| ROPES & GRAY LLP |
PRUDENTIAL TOWER |
800 BOYLSTON STREET |
BOSTON, MA 02199-3600 |
WWW.ROPESGRAY.COM |
April 29, 2016 | George B. Raine |
| T +1 617 951 7556 |
| F +1 617 235 7447 |
| george.raine@ropesgray.com |
VIA EDGAR
Securities and Exchange Commission
100 F Street, NE
Washington, DC 20549
Attn: Ms. Karen Rossotto
Re: | Post Effective Amendment Number 25 to the Registration Statement of Baillie Gifford Funds (File Nos. 811-10145 and 333-200831) (the “Trust”) on Form N-1A Filed on November 20, 2015, Pursuant to Rule 485(a) under the Securities Act of 1933, as Amended (the “1933 Act”) |
Dear Ms. Rossotto:
On November 20, 2015, the Trust filed the above-referenced amendment to the Registration Statement of the Trust, for the purpose of registering for public offer and sale the shares of the Asia Ex-Japan Fund (the “Fund”), a series of the Trust. On January 12, 2016, the staff of the Securities and Exchange Commission (the “SEC”) provided comments regarding the amendment by telephone to George B. Raine and Harsha Pulluru of Ropes & Gray, LLP, counsel to the Trust. Subsequent to this, the Trust filed delaying amendments on January 29, March 3, and April 1, 2016 for the purpose of delaying the effectiveness of the amendment until April 29, 2016. We respectively submit this comment response letter on behalf of the Trust. For convenience of reference, each of the comments is summarized before the Trust’s responses. Capitalized terms not otherwise defined herein have the meanings ascribed to them in the Registration Statement.
To the extent responses below indicate that a change will be made in response to a comment, those changes will be reflected in a combined amendment to the Trust’s registration statement pursuant to Rule 485(b) under the 1933 Act on April 29, 2016.
Prospectus
1. Comment: In the fee table under Summary of Key Information — Fees and Expenses, please include the heading “Annual Fund Operating Expenses” following the heading “Shareholder Fees.”
Response: The requested change will be made.
April 29, 2016
2. Comment: In the fee table under Summary of Key Information — Fees and Expenses, please include a footnote to the item “Other Expenses” stating that such expenses are based on estimated amounts for the current fiscal year.
Response: The requested change will be made.
3. Comment: Please confirm supplementally that each class of the Fund is subject to the same management fee.
Response: The Trust confirms that each class of the Fund is subject to the same management fee.

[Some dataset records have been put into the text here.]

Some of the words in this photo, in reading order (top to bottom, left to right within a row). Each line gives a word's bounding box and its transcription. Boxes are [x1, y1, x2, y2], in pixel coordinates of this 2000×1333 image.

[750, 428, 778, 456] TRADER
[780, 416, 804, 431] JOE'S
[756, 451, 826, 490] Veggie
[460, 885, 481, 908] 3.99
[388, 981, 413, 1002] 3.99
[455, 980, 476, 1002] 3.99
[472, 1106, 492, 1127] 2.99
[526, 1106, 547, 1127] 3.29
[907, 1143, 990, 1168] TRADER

4. Comment: Under Summary of Key Information — Principal Investment Strategies, the Prospectus states that the Fund will invest “in a portfolio of common stocks and other equity securities of issuers located in Asia (excluding Japan) and including the Indian subcontinent.” Please confirm that each type of security that is included in the Fund’s principal investment strategies is disclosed in this section.
Response: The Trust confirms that each type of security that is included in the Fund’s principal investment strategies is disclosed under Summary of Key Information — Principal Investment Strategies.

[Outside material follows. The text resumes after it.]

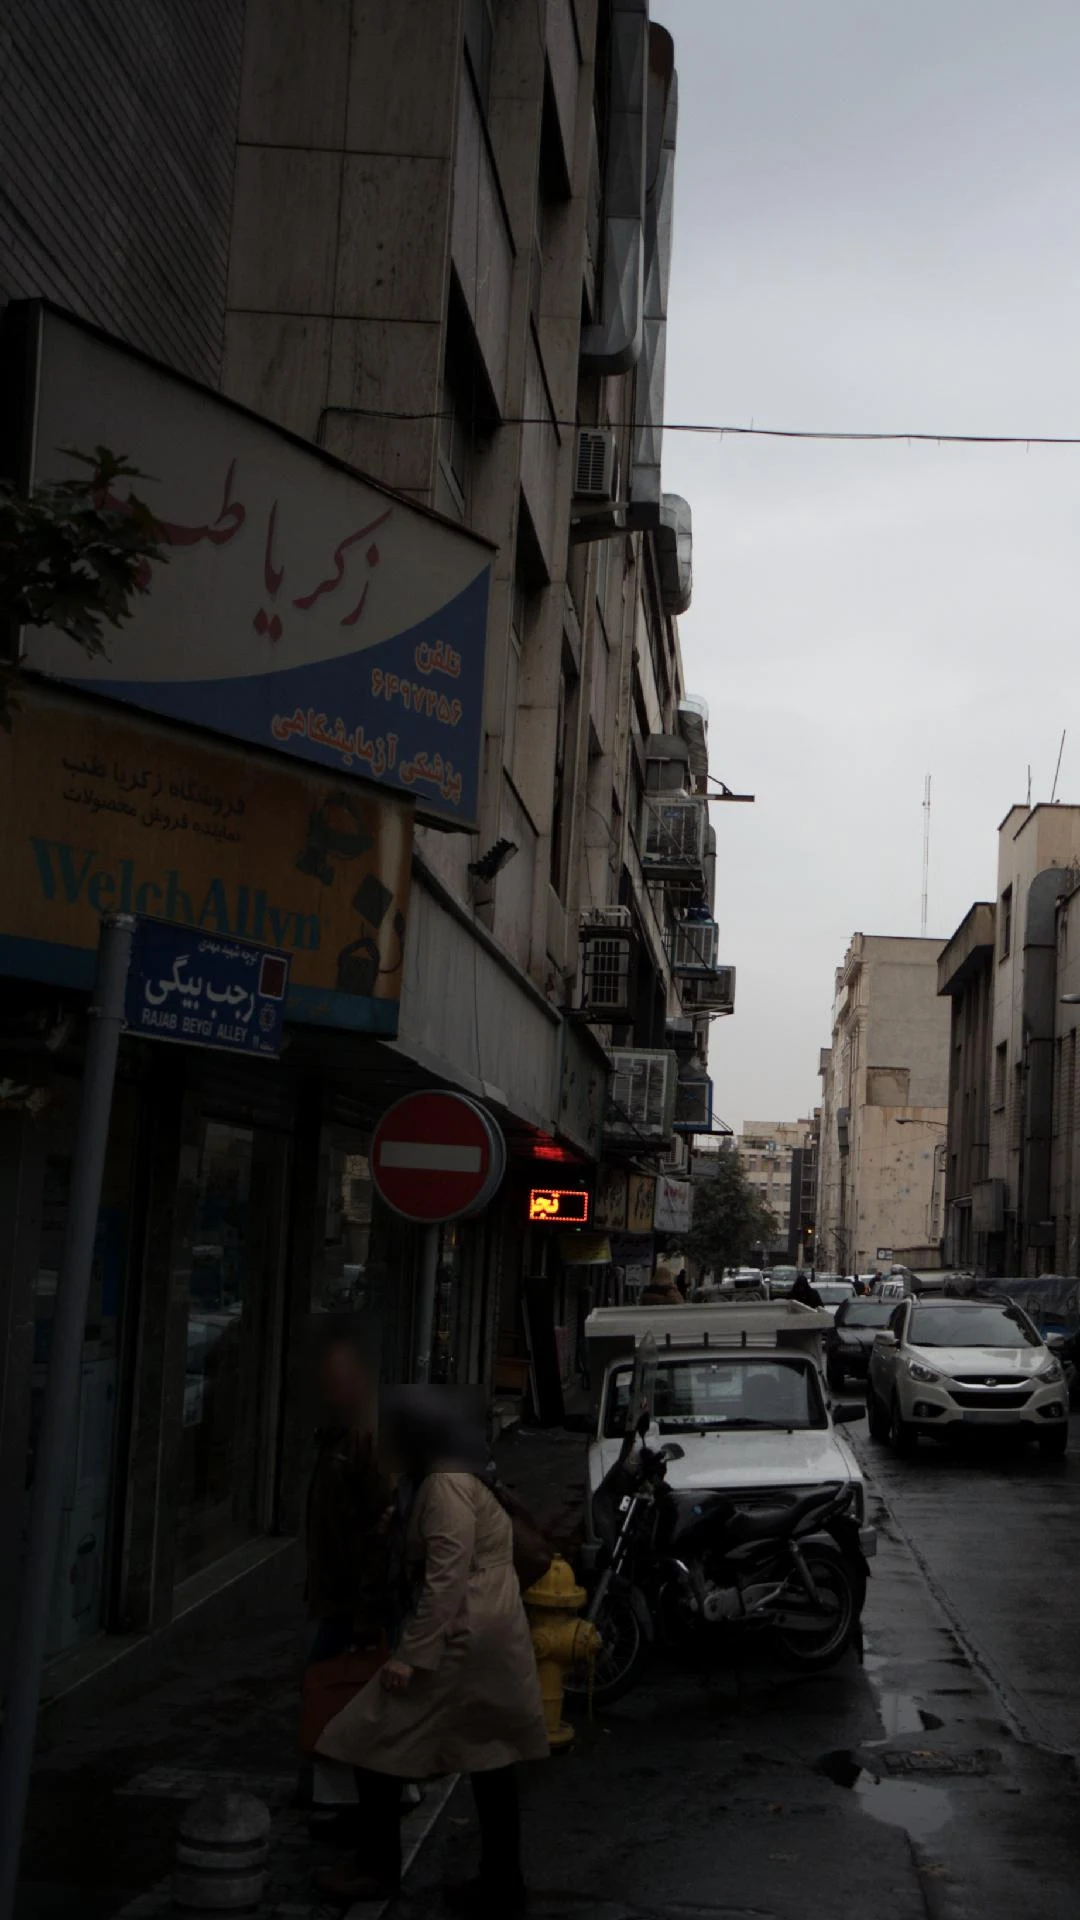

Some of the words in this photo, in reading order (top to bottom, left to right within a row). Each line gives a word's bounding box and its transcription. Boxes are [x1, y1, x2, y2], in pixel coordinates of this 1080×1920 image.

5. Comment: Under Summary of Key Information — Principal Investment Strategies, the Prospectus states that the Fund “will invest in a diversified portfolio of exchange-traded securities issued by companies such as those located in countries contained in the MSCI All Country Asia Ex Japan Index, cash and cash equivalents.” Please clarify whether the Fund will only invest in companies included in the MSCI All Country Asia Ex Japan Index (the “Index”), or if it can invest in any companies located in countries contained in the Index.

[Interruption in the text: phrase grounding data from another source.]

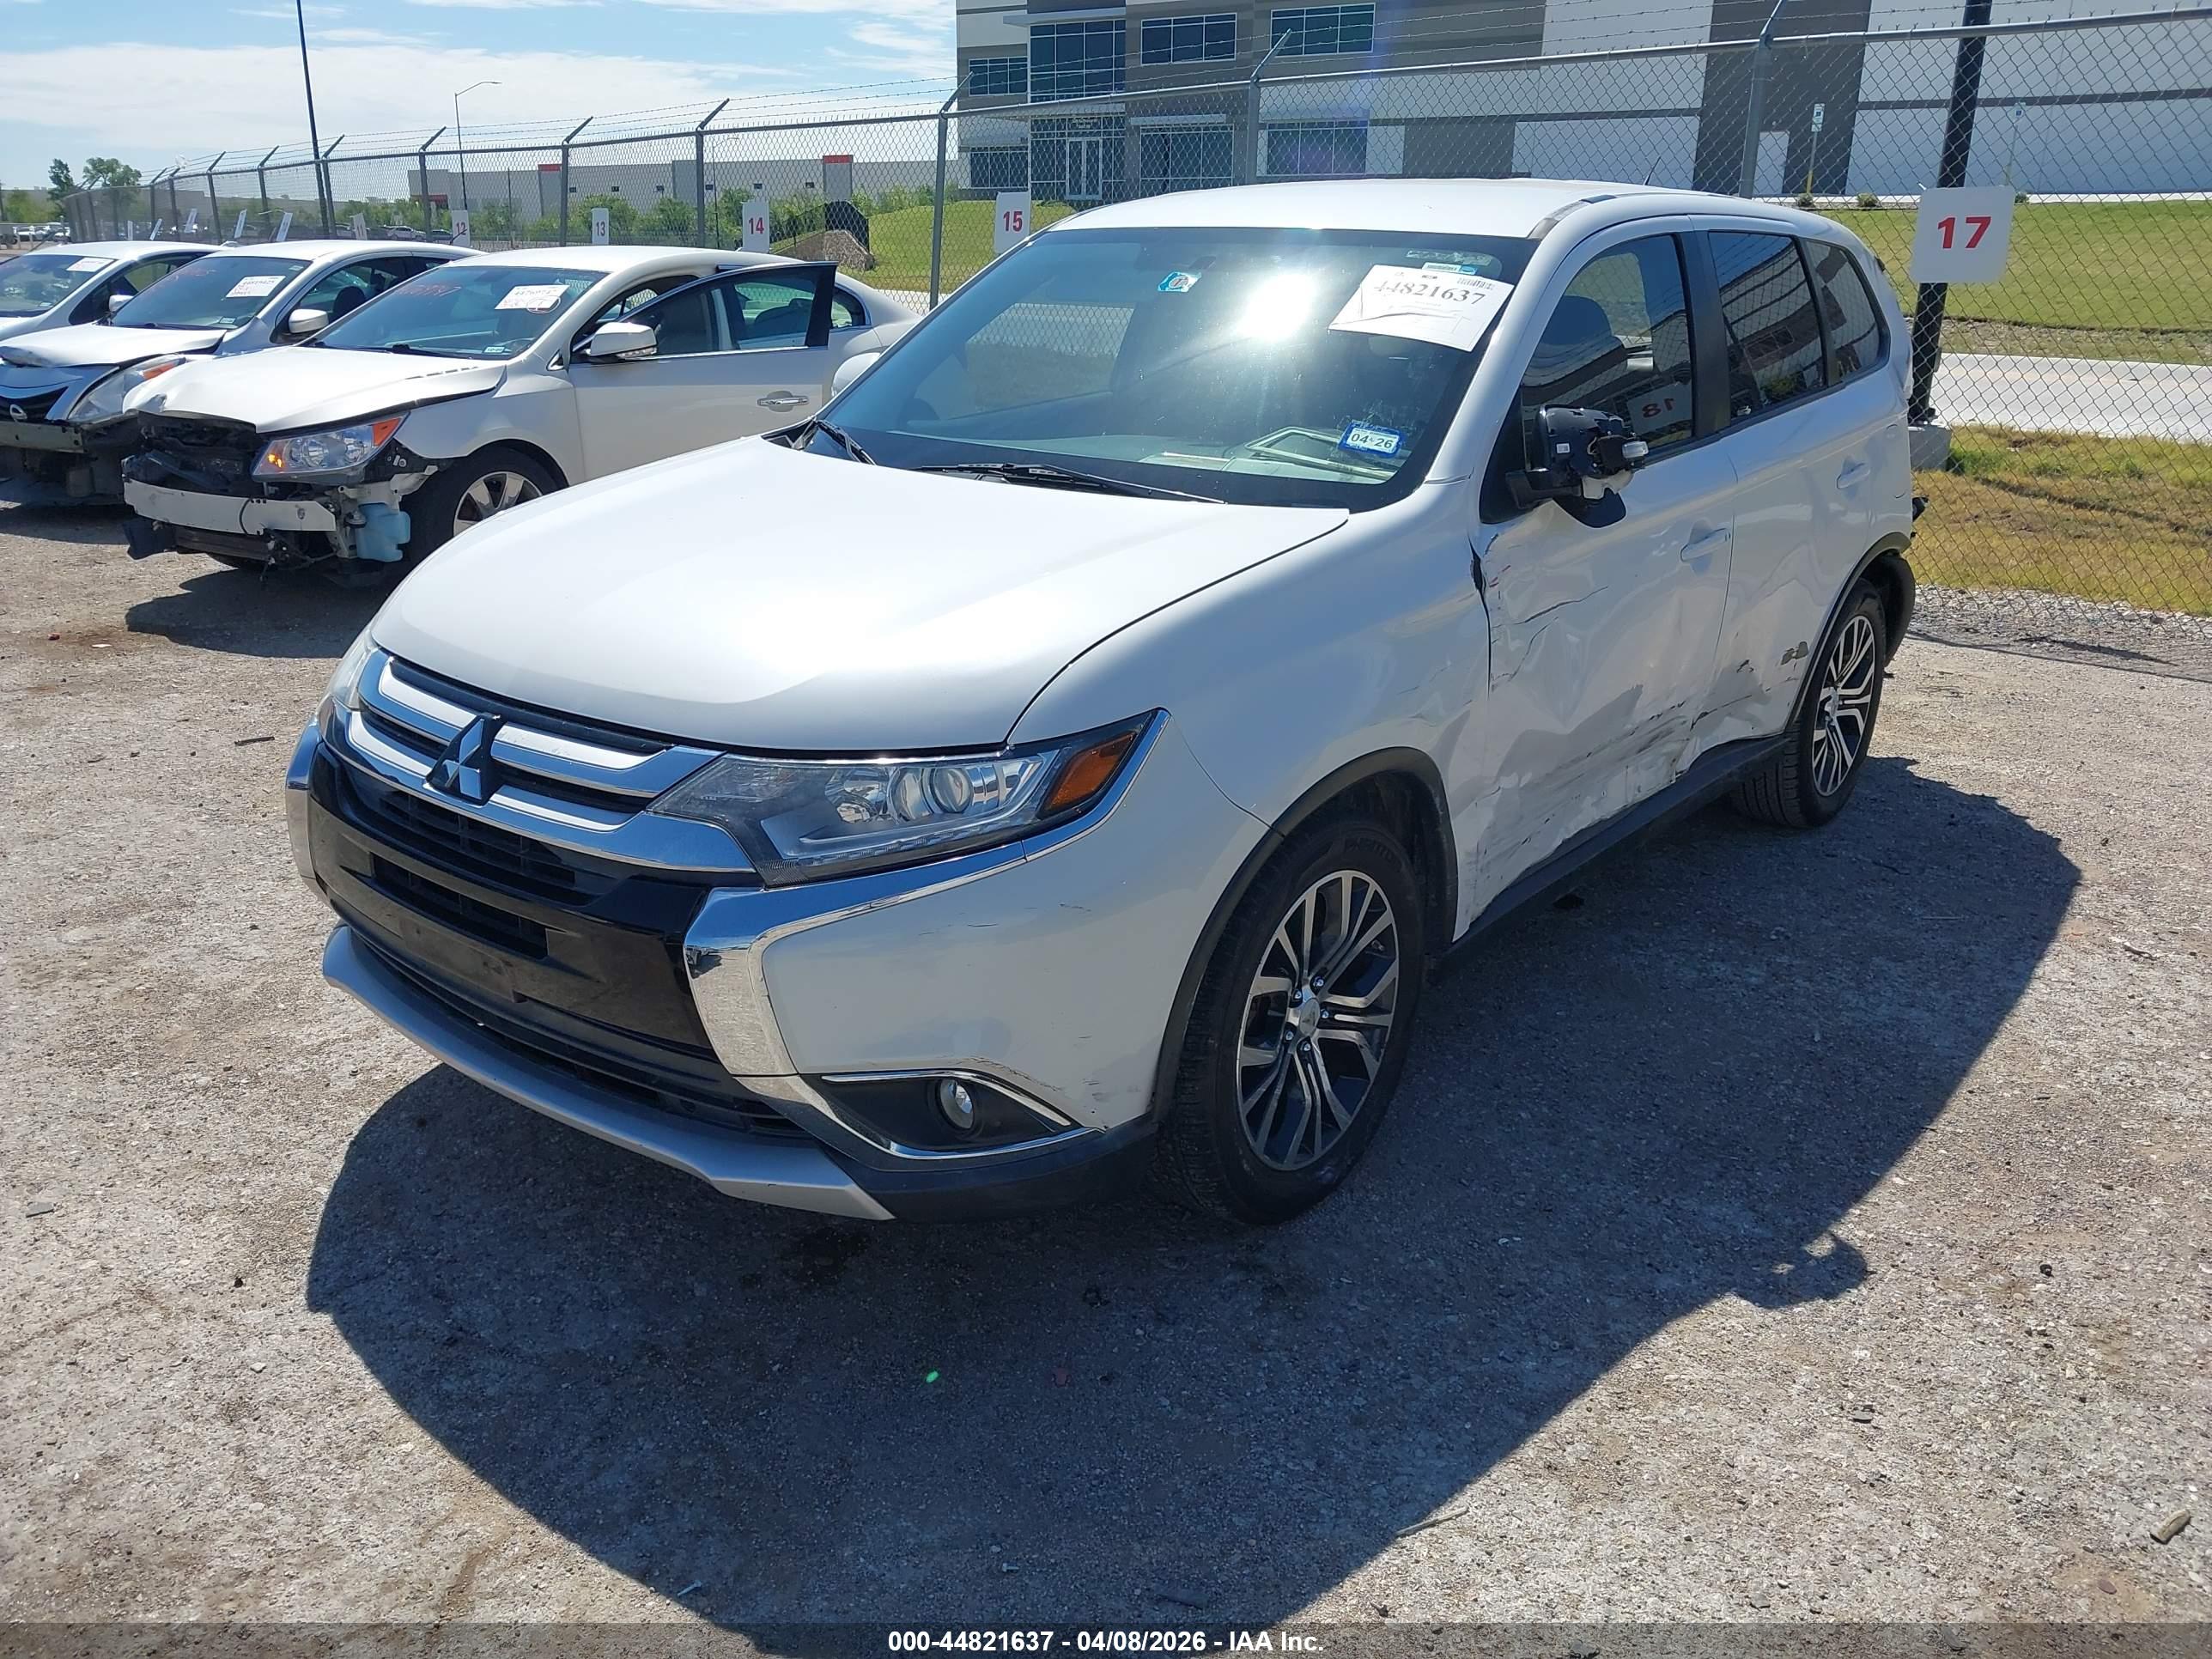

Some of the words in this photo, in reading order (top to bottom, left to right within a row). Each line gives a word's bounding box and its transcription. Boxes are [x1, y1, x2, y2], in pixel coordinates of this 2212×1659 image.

[455, 222, 467, 236] 12
[594, 221, 607, 237] 13
[748, 217, 764, 234] 14
[1002, 210, 1023, 233] 15
[1937, 216, 1992, 249] 17
[1373, 280, 1487, 305] 44821637
[1351, 433, 1370, 444] 04
[1373, 438, 1395, 449] 26

Response: The Fund is not restricted to investing only in companies included in the Index and may invest in a diversified portfolio of exchange-traded securities, primarily consisting of common stocks issued by companies located in countries included in the Index, cash and cash equivalents.
6. Comment: Under Summary of Key Information — Principal Investment Strategies, the Prospectus lists the countries included in the Index, and then states that “[t]he economies of many of these countries are considered emerging market economies, with markets that may be less sophisticated than more developed markets in terms of participation by investors, analyst coverage, liquidity and regulation.” Please identify which of the listed countries have emerging market economies.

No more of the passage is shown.